Lab: Electronics
In this lab I reviewed the basic functions of a multi-meter then created a few circuits using LEDs, resistors, buttons and a potentiometer.
Making my way through the settings on the multimeter I started with the diode continuity function.
Keeping the multimeter probes apart in the continuity function results in an “Open” reading. 
Touching the probes in the meter continuity function results in a loud beep and “Shrt” readout on the screen.
Holding the multimeter probes apart my multimeter read “OPEn” indicating that the circuit is open and there is no flow of electrons. Touching the probes together the screen read “Shrt” for short, indicating a closed circuit where electrons flow with no resistance.
Switching to measure resistance with the multimeter without touching the probes results in a reading of 0 ohms. 
Measuring the resistance using the probes on the multimeter results in a reading of 2.949 milliohms.
Next I measured resistance with an open circuit, then using my finger as a conductor. My multimeter is auto ranging so it automatically scales the reading to the nearest whole unit. In the case of my skin the resistance reading was 2.949 milliohms.
Next I setup a breadboard to take voltage readings at various points in the circuit.
I have setup and powered a basic 5-volt circuit with a red LED and 220ohm resistor. 
Checking the voltage of the circuit finds a reading of 5.058 volts. 
Probing the voltage drop across the red LED reads 1.915 volts.
The circuit voltage, due to the 7805 voltage regulator, is approximately 5 volts. Using the probes to measure the voltage drop across the red LED the reading is 1.915 volts. This “loss” of energy is accounted for by light and heat emitted from the LED.
Quick break with my dog Cooper.
Had to take a quick dog break! My dog Cooper was patiently waiting for a walk. He is a very good boy.
Ok, back from a walk and time to add a few more components to the board.
Adding a pushbutton switch to the circuit results in a naturally open or “off” position. 
Pushing the button closes the circuit and turns on the red LED.
A pushbutton switch!
Reading the voltage across the pushbutton reads 3.716 volts 
Pressing the button on the breadboard drops the voltage down to 9.9 millivolts. 
The voltage reading across the red LED is 1.922 volts. 
Reading the voltage drop across a few different components and points on the board I find that strangely there is a 9.9 millivolt voltage drop across the pushbutton switch.

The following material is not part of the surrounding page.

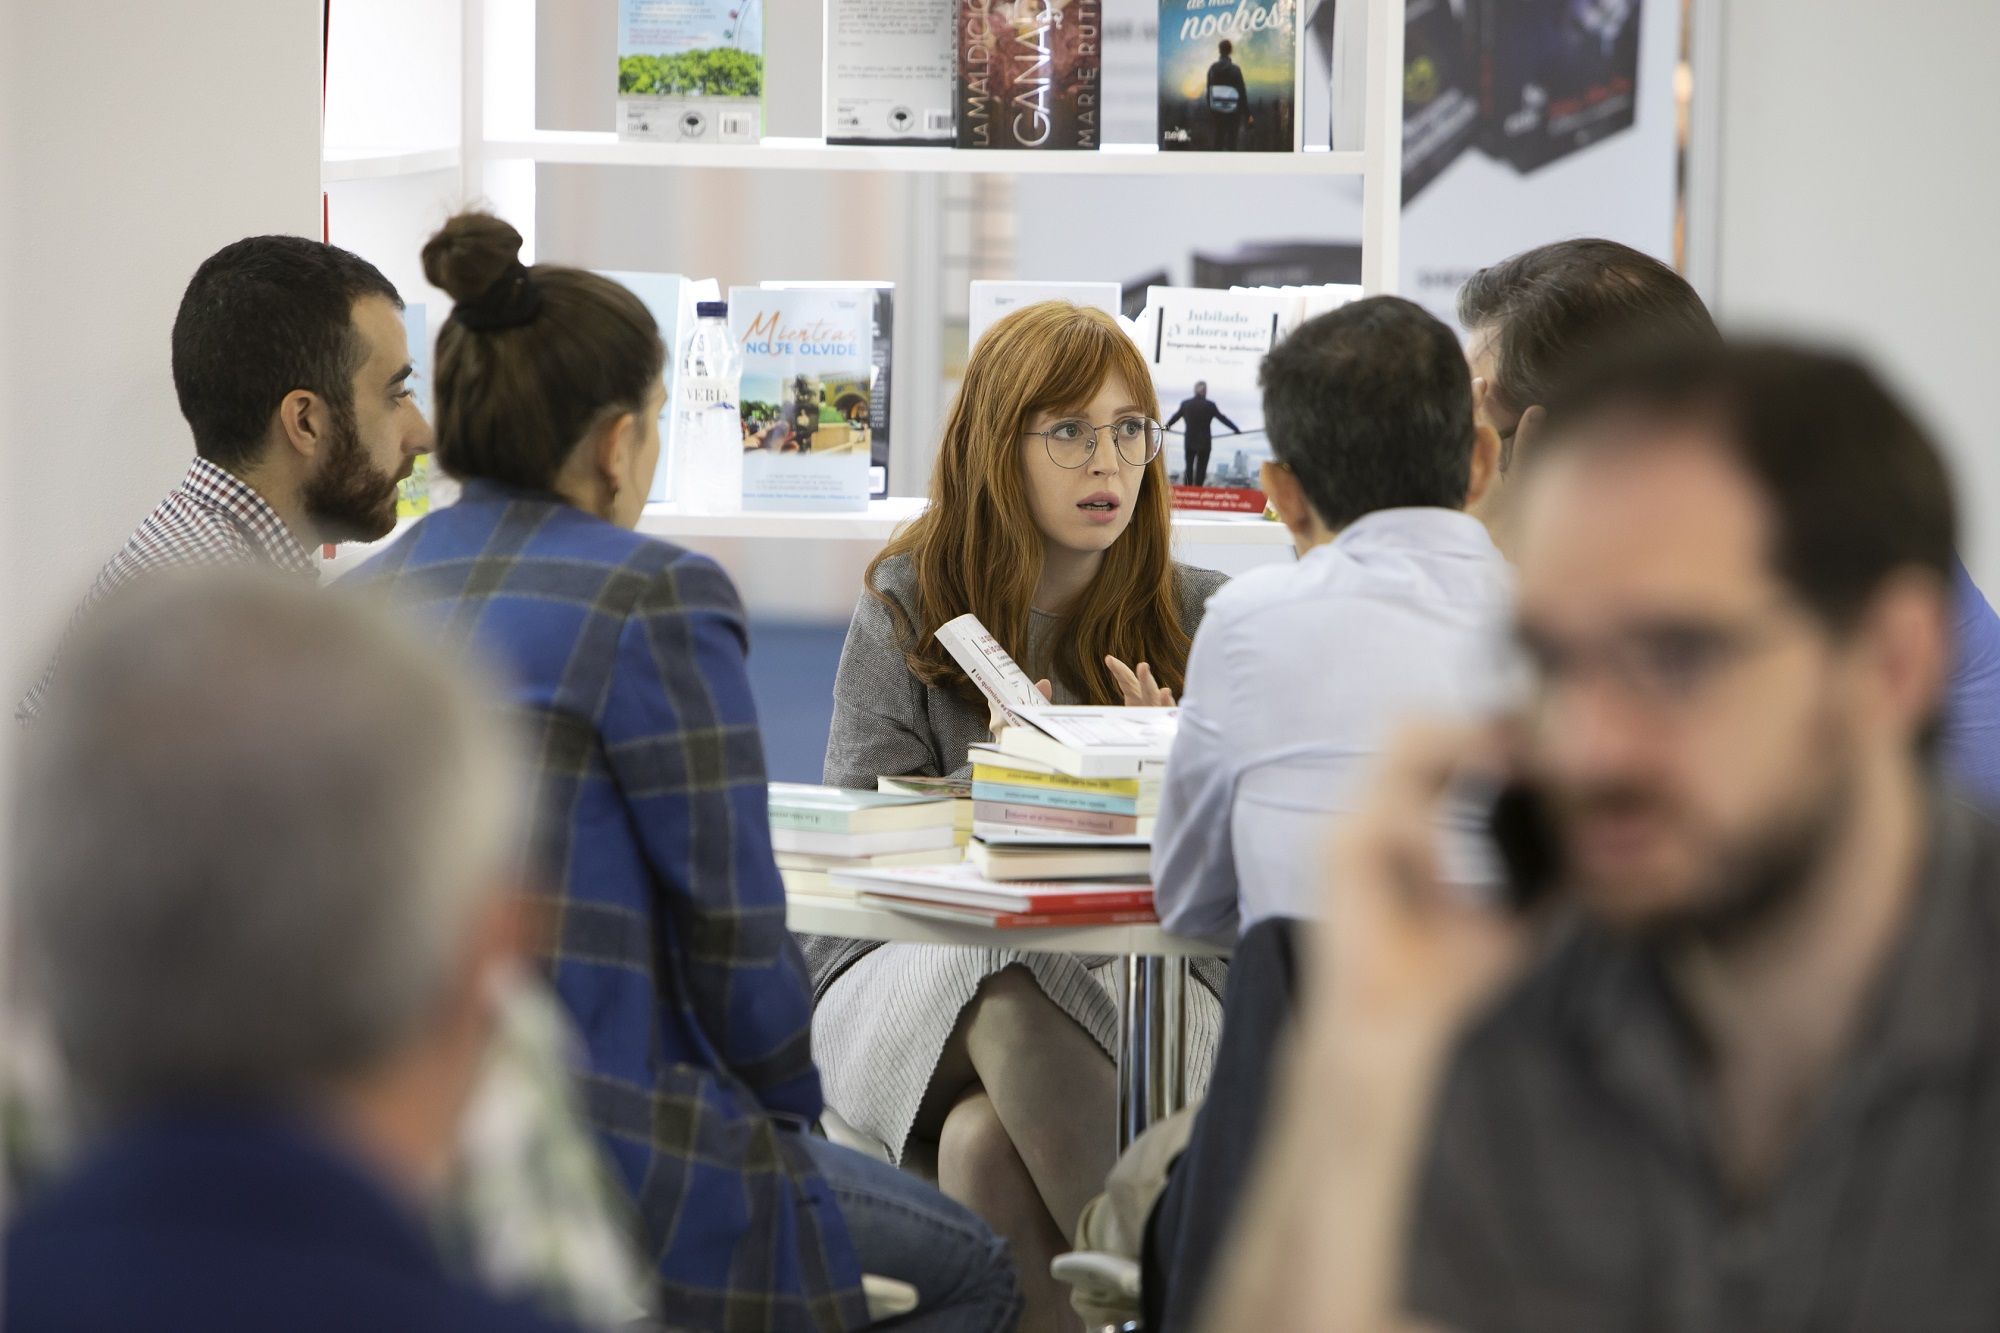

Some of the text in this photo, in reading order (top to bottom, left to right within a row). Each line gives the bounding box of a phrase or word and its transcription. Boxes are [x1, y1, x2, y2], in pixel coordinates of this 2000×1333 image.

This will seem more relevant later…
Next I expand the circuit to include an additional red LED in series.
Pressing the pushbutton both LEDs turn on as expected.
I continued to measure the voltage drop around the circuit. A drop of 1.3 volts across the resistor, 1.85 volts across each of the matching red LEDs, and the board total voltage of 5 volts. 1.3 + 1.85 + 1.85 = 5, all of the electrons are accounted for. Importantly the voltage drop for the two LEDs is now less than a single LED which was 1.9 volts. Looks like we’re running out of power.
Adding a third smaller LED they were noticeably dimmer. The voltage drop of three LEDs is too much.
Next I rearranged the components and ran three LEDs in parallel. Interestingly they all light! This configuration is much better than running them all in series, which reminds me of the WS2812 LED strips I have used in the past that also supplies power in parallel.
Measuring the voltage drop across one of the LEDs the reading is 1.9 volts. Much healthier.
The breadboard is setup with probes at the beginning and end of the circuit.
Now for a different setup. Next I added a potentiometer in series with a single LED.
Measuring voltage between the beginning and end of the circuit results in the total 5 volts.
Turning the knob on the potentiometer varies its voltage drop, resulting in the red LED getting brighter or dimmer.
This lab has left me with some good thoughts around voltage drops. On to the next lab!